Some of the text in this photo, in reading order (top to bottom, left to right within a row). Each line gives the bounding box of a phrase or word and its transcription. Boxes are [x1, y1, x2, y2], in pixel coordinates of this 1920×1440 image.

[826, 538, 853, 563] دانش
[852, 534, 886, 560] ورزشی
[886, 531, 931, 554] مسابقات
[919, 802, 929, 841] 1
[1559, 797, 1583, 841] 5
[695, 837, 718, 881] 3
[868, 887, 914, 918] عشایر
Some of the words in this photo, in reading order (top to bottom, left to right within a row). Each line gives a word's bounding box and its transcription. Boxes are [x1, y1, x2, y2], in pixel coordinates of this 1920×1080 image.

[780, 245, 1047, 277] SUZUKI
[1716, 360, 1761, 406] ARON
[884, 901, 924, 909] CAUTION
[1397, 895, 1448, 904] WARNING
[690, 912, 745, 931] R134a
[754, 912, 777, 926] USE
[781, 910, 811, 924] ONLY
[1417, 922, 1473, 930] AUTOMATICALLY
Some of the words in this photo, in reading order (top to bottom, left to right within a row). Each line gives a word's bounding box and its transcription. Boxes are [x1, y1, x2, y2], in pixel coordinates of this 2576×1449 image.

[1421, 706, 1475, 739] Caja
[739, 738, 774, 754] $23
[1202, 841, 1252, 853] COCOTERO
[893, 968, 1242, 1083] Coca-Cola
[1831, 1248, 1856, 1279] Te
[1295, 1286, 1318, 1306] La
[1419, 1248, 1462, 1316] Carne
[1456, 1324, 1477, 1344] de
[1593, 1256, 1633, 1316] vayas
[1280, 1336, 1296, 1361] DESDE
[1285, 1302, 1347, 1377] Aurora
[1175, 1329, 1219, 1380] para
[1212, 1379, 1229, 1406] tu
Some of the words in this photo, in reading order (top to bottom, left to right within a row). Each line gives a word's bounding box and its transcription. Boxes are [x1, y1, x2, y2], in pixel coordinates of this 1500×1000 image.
_ _ _ _ _
Retype the listing in full, keeping every word as it appears.

Some of the text in this photo, in reading order (top to bottom, left to right within a row). Each line gives the bounding box of a phrase or word and its transcription. Boxes are [x1, y1, x2, y2], in pixel coordinates of this 1920×1440 image.

[826, 538, 853, 563] دانش
[852, 534, 886, 560] ورزشی
[886, 531, 931, 554] مسابقات
[919, 802, 929, 841] 1
[1559, 797, 1583, 841] 5
[695, 837, 718, 881] 3
[868, 887, 914, 918] عشایر
Some of the words in this photo, in reading order (top to bottom, left to right within a row). Each line gives a word's bounding box and its transcription. Boxes are [x1, y1, x2, y2], in pixel coordinates of this 1920×1080 image.

[780, 245, 1047, 277] SUZUKI
[1716, 360, 1761, 406] ARON
[884, 901, 924, 909] CAUTION
[1397, 895, 1448, 904] WARNING
[690, 912, 745, 931] R134a
[754, 912, 777, 926] USE
[781, 910, 811, 924] ONLY
[1417, 922, 1473, 930] AUTOMATICALLY
Some of the words in this photo, in reading order (top to bottom, left to right within a row). Each line gives a word's bounding box and its transcription. Boxes are [x1, y1, x2, y2], in pixel coordinates of this 2576×1449 image.

[1421, 706, 1475, 739] Caja
[739, 738, 774, 754] $23
[1202, 841, 1252, 853] COCOTERO
[893, 968, 1242, 1083] Coca-Cola
[1831, 1248, 1856, 1279] Te
[1295, 1286, 1318, 1306] La
[1419, 1248, 1462, 1316] Carne
[1456, 1324, 1477, 1344] de
[1593, 1256, 1633, 1316] vayas
[1280, 1336, 1296, 1361] DESDE
[1285, 1302, 1347, 1377] Aurora
[1175, 1329, 1219, 1380] para
[1212, 1379, 1229, 1406] tu
Some of the words in this photo, in reading order (top to bottom, left to right within a row). Each line gives a word's bounding box and its transcription. Boxes are [x1, y1, x2, y2], in pixel coordinates of this 1500×1000 image.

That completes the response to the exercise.